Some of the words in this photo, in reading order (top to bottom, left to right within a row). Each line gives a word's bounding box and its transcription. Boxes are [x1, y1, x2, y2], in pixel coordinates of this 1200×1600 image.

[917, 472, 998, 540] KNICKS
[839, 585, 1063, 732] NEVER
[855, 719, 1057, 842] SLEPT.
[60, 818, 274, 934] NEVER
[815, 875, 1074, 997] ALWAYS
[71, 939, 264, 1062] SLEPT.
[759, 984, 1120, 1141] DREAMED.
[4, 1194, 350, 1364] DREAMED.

▸ **Exercise**
Each of the records is to be repeated word for word.

▸ **Answer to this task**
Some of the words in this photo, in reading order (top to bottom, left to right within a row). Each line gives a word's bounding box and its transcription. Boxes are [x1, y1, x2, y2], in pixel coordinates of this 1200×1600 image.

[917, 472, 998, 540] KNICKS
[839, 585, 1063, 732] NEVER
[855, 719, 1057, 842] SLEPT.
[60, 818, 274, 934] NEVER
[815, 875, 1074, 997] ALWAYS
[71, 939, 264, 1062] SLEPT.
[759, 984, 1120, 1141] DREAMED.
[4, 1194, 350, 1364] DREAMED.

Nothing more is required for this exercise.